Bishop savait qu'Uriel faisait aussi vite qu'il le pouvait, mais ce n'était pas assez. Le semi-tank était pris d'assaut et les chenilles avaient été endommagées.

Une fois à l'intérieur, Bishop s'écarta et déchargea ses dernières cartouches sur les soldats les plus proches. Son entrainement avec l'armée permettait à tous ses coups d'être mortels.

Lorsqu'il regagna enfin le véhicule, il appuya sur l'accélérateur et pria pour que les chenilles tiennent le coup.

A son plus grand soulagement, le semi-tank démarra en trombe et fonça à toute allure dans le désert, loin des soldats de Shura.

- Comment va le petit ? demanda-t-il.

Uriel inspecta la blessure. Il grimaça. La flèche avait totalement transpercé la chair. Il brisa les extrémités pour que Jeliel puisse poser sa jambe.

- Nous avons laissé presque toutes nos affaires là-bas, répondit-il. Il nous faut trouver des soins.

Jeliel tremblait et regardait Uriel avec des yeux exorbités. Son corps était trempé de sueur et quelques spasmes s'emparaient de lui par intermittence.

Durant tout le trajet, Uriel resta à son chevet. Bishop roulait sans s'arrêter en suivant ses propres traces qu'il avait laissées la veille, soulagé qu'aucune tempête des sables ne soit passée par là.

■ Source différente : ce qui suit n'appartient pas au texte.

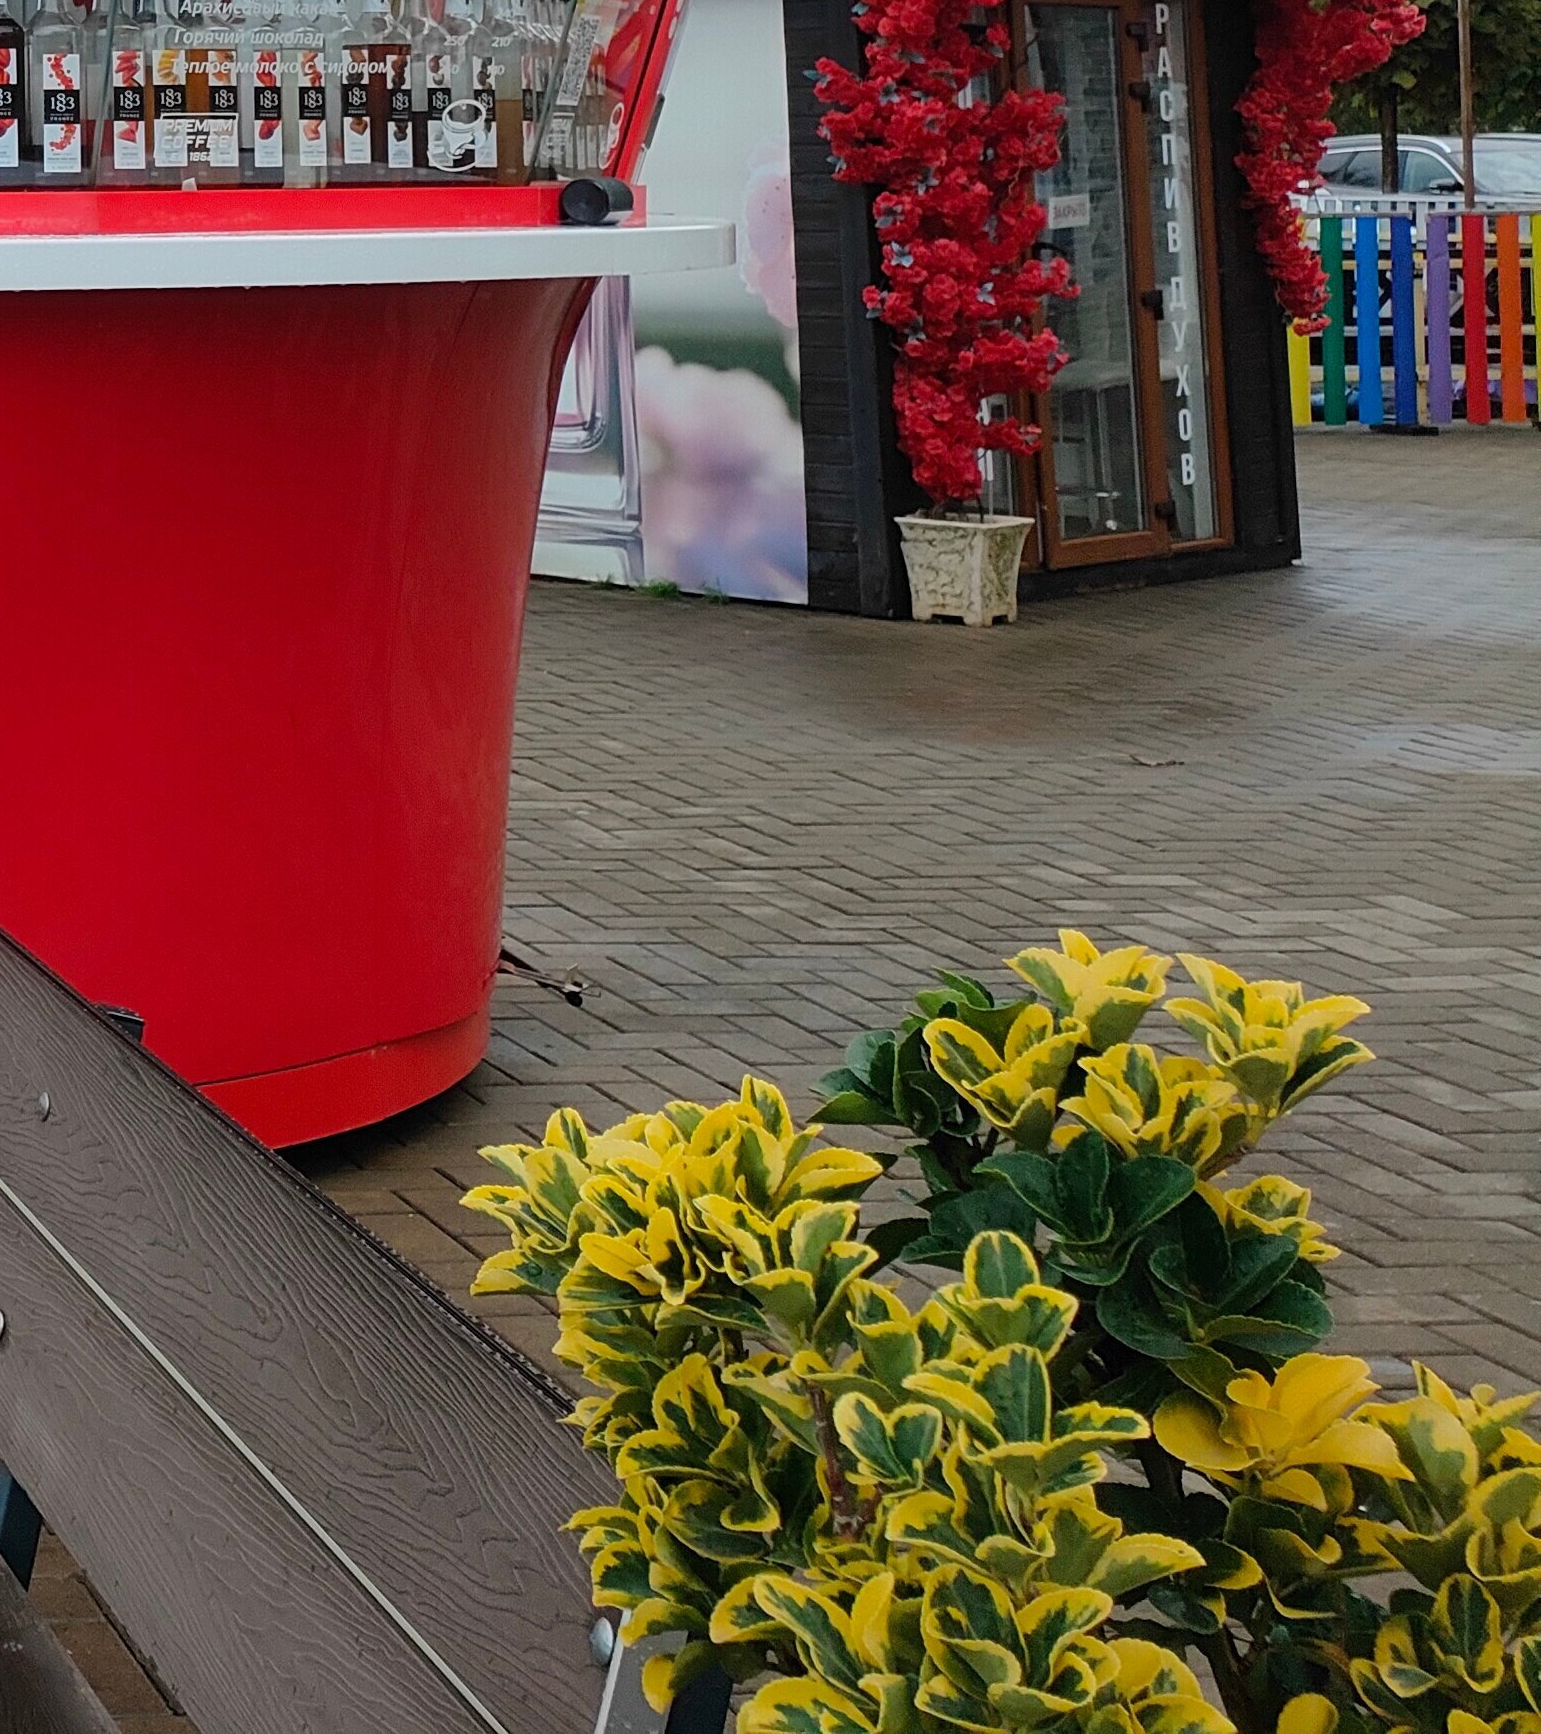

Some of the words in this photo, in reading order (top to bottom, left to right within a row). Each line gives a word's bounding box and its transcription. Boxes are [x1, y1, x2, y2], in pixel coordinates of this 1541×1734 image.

[174, 28, 245, 46] Горячий
[250, 30, 325, 48] шоколад
[444, 36, 466, 47] 250
[492, 36, 512, 48] 210
[173, 59, 232, 75] Теплое
[235, 61, 299, 75] молоко
[321, 62, 388, 77] сиропом
[50, 93, 75, 113] 1883
[119, 89, 141, 109] 1883
[160, 87, 183, 107] 1883
[214, 88, 235, 108] 1883
[259, 89, 279, 108] 1883
[303, 89, 323, 108] 1883
[348, 86, 367, 106] 1883
[392, 92, 410, 111] 1883
[432, 87, 449, 107] 1883
[162, 119, 234, 133] PREMIUM
[1154, 2, 1183, 254] РАСПИВ
[160, 135, 230, 149] COFFEE
[1168, 276, 1197, 487] ДУХОВ
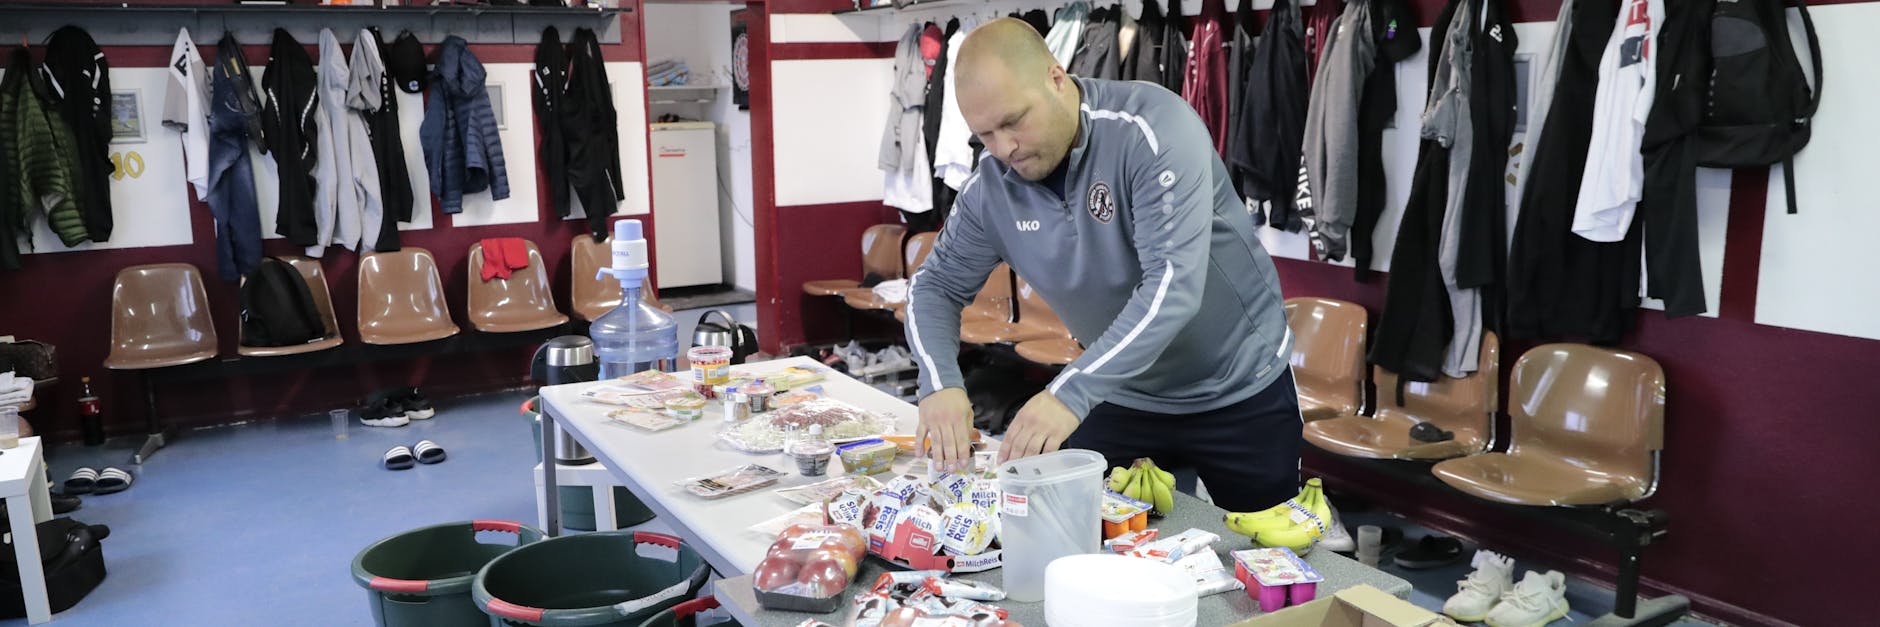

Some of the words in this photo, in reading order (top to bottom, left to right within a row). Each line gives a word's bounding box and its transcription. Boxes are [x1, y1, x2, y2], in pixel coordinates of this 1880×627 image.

[971, 491, 997, 499] Milch
[875, 505, 893, 531] Reis
[946, 514, 963, 538] Milch
[953, 517, 973, 542] Reis
[965, 556, 998, 568] MilchReis
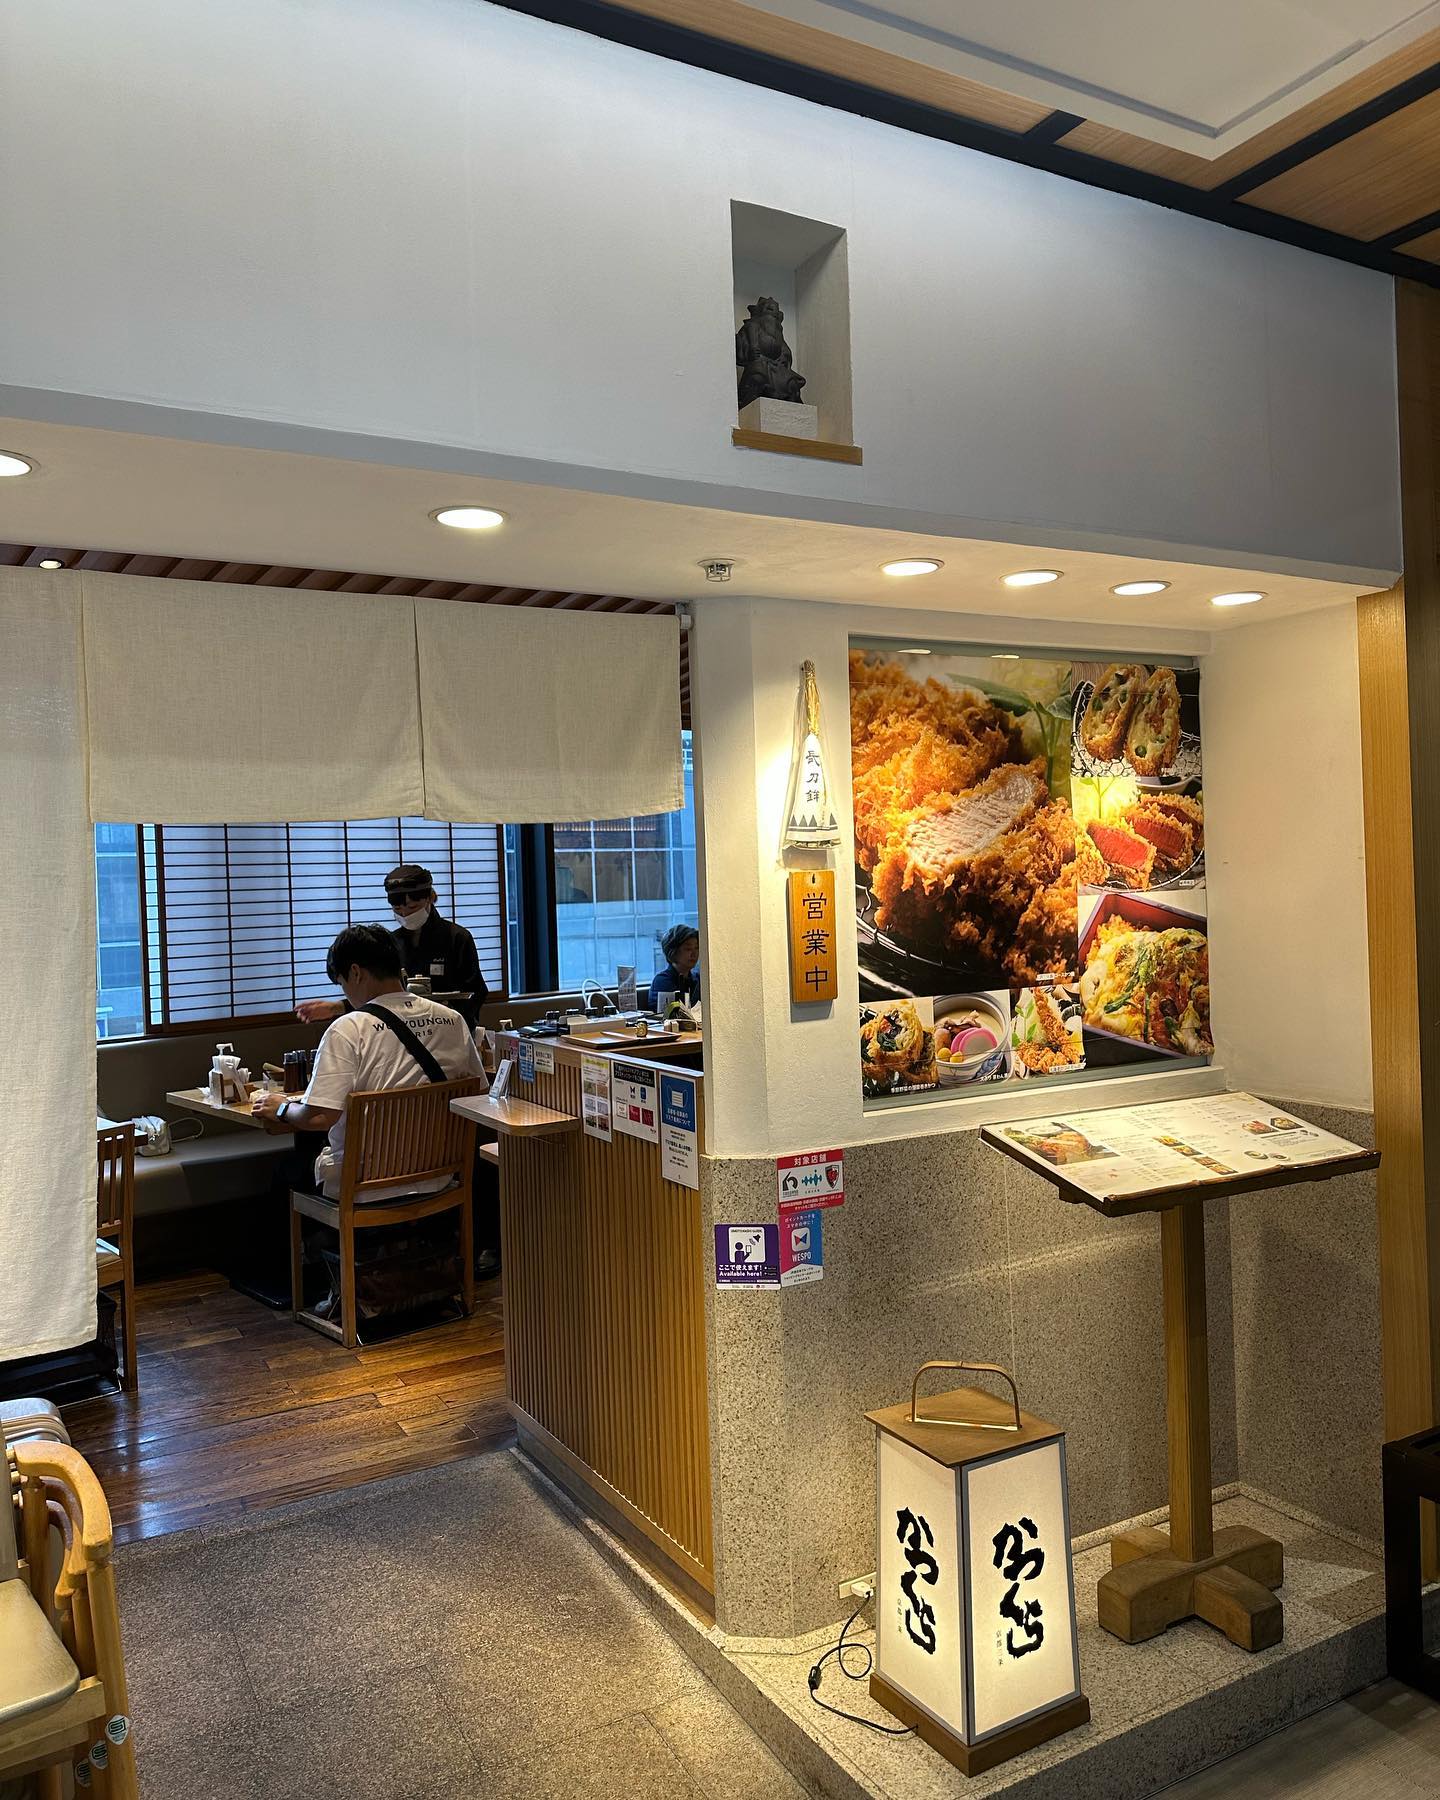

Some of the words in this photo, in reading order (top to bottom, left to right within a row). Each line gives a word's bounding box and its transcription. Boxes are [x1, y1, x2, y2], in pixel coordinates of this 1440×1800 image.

[801, 891, 830, 994] 営業中
[372, 1017, 455, 1032] WOUNGMI
[415, 1028, 433, 1038] RIS
[793, 1153, 827, 1167] 対象店舗
[791, 1251, 812, 1263] WESPO
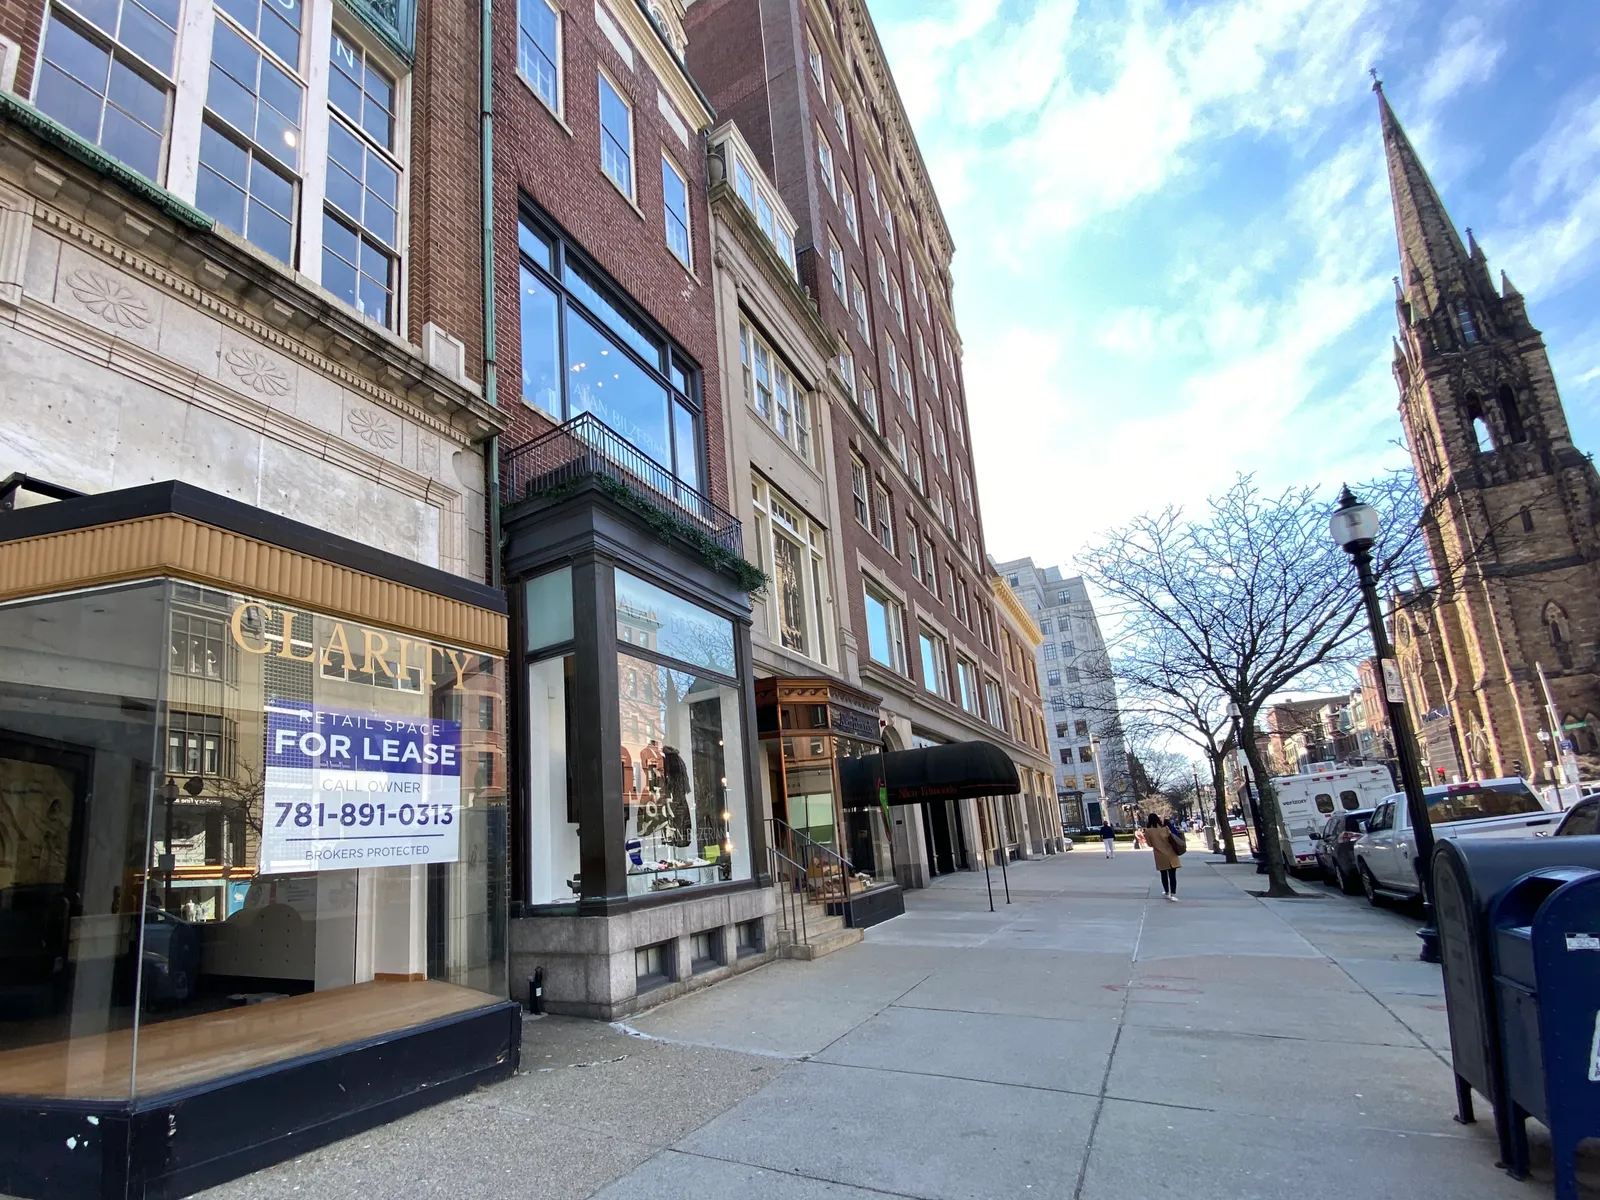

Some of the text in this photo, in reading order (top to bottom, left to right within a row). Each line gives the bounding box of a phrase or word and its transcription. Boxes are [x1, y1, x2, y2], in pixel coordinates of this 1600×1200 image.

[231, 602, 475, 691] CLARITY
[299, 709, 441, 737] RETAIL SPACE
[274, 729, 456, 766] FOR LEASE
[322, 779, 421, 794] CALL OWNER
[274, 801, 454, 828] 781-891-0313
[305, 845, 430, 861] BROKERS PROTECTED

Au bout d'un jour entier de trajet, ils commençaient enfin à sortir des terres arides de l'est, et la végétation, bien que sèche, refaisait son apparition.

L'état de Jeliel s'était empiré. Ils s'étaient arrêtés près d'un groupement de buissons qu'Uriel avait reconnu comme ayant un effet désinfectant et apaisant.

Uriel, Aniel et Daniel étaient partis cueillir de quoi préparer un remède primaire pour Jeliel.

- Je ne suis pas comme les autres, murmura faiblement Jeliel à l'arrière du véhicule.

Surpris qu'il se soit remis à parler, Bishop se tourna vers lui et observa son visage trempé par la sueur. Sur la commissure de ses lèvres, les cicatrices rosâtres laissées par la marque des Charognards étaient toujours légèrement visibles.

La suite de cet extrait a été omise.